Incidentally, this is also the US position, although the rules for the training process itself remain somewhat opaque (unlike in the EU).

https://en.wikipedia.org/wiki/Substantial_similarity

Debian dismisses AI-contributions policy

Posted May 12, 2024 1:25 UTC (Sun) by Paf (subscriber, #91811) [Link] (2 responses)

I tried to ask you this earlier but I don't think it was clear.

*Why* is human output copyrightable and AI output not? Can you explain this, and give reasons? You've been stating it, but not giving reasons.

Debian dismisses AI-contributions policy

Posted May 12, 2024 2:13 UTC (Sun) by NYKevin (subscriber, #129325) [Link]
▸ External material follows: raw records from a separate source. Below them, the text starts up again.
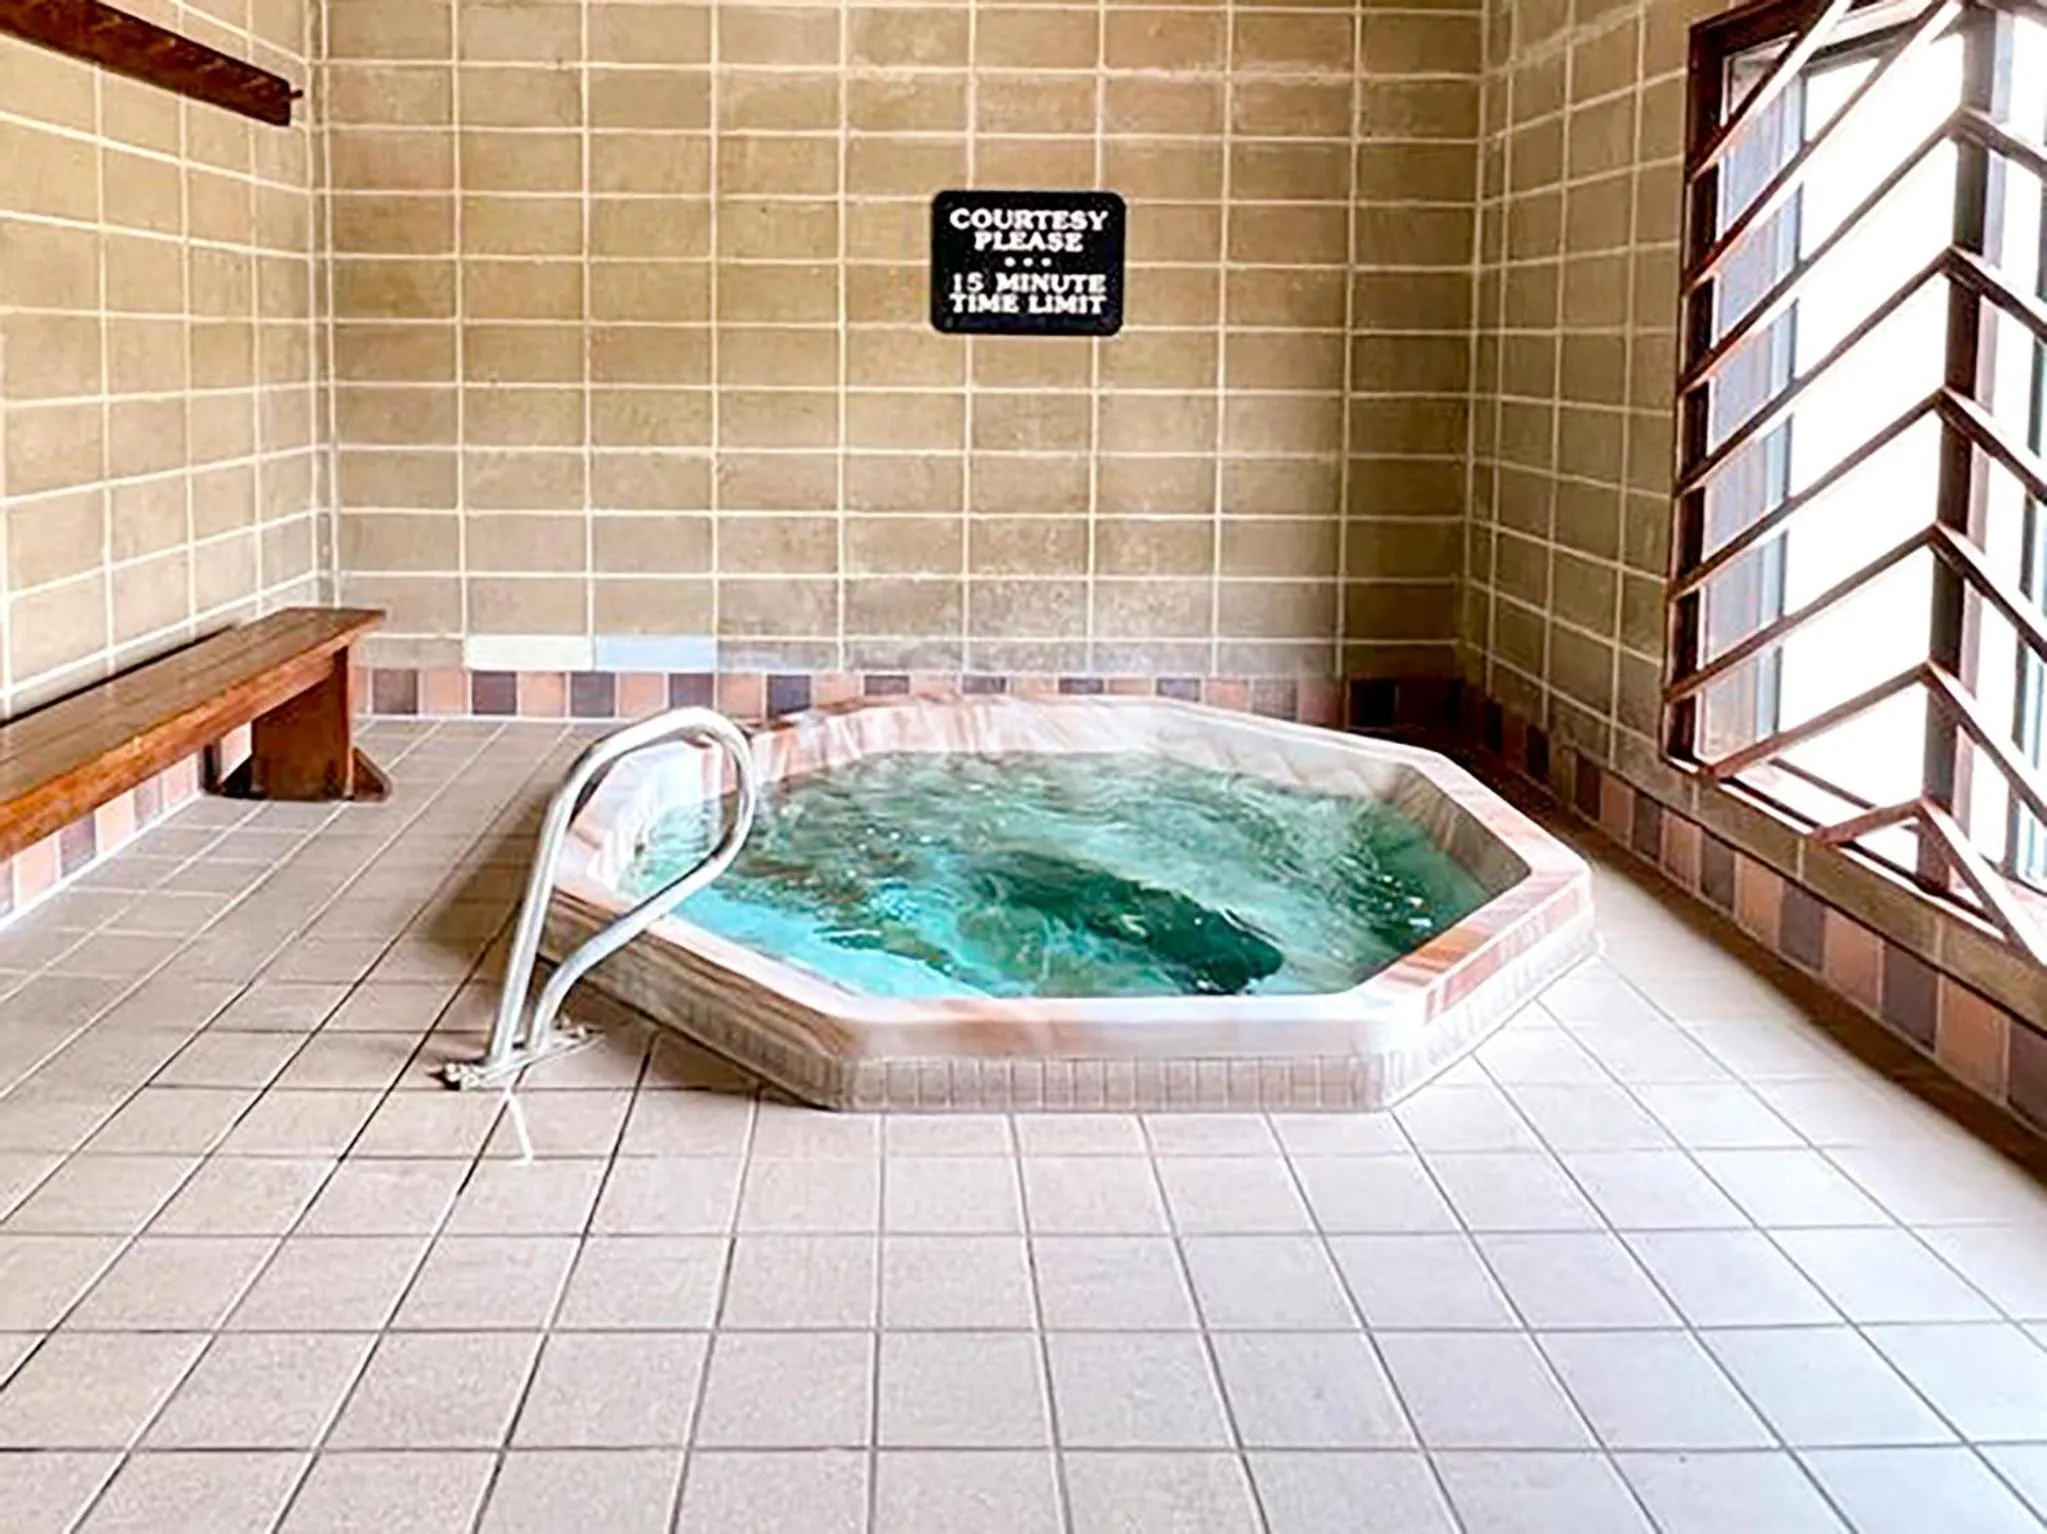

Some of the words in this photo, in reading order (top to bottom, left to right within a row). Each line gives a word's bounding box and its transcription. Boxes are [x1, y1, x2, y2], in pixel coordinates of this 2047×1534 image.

[949, 207, 1108, 231] COURTESY
[974, 231, 1083, 252] PLEASE
[953, 272, 984, 293] 15
[995, 272, 1107, 294] MINUTE
[949, 293, 1019, 313] TIME
[1028, 294, 1107, 314] LIMIT
The (US) Copyright Office has refused to register copyrights in works that are openly described as AI-generated, on the basis that only works of human authorship give rise to copyright protection. You can read their justification at length here: https://copyright.gov/ai/ai_policy_guidance.pdf

Debian dismisses AI-contributions policy

Posted May 14, 2024 1:20 UTC (Tue) by mirabilos (subscriber, #84359) [Link]

Because the laws say so. Simple as that.

Robotically made things, or things made by animals, are not works that reflect personal creativity.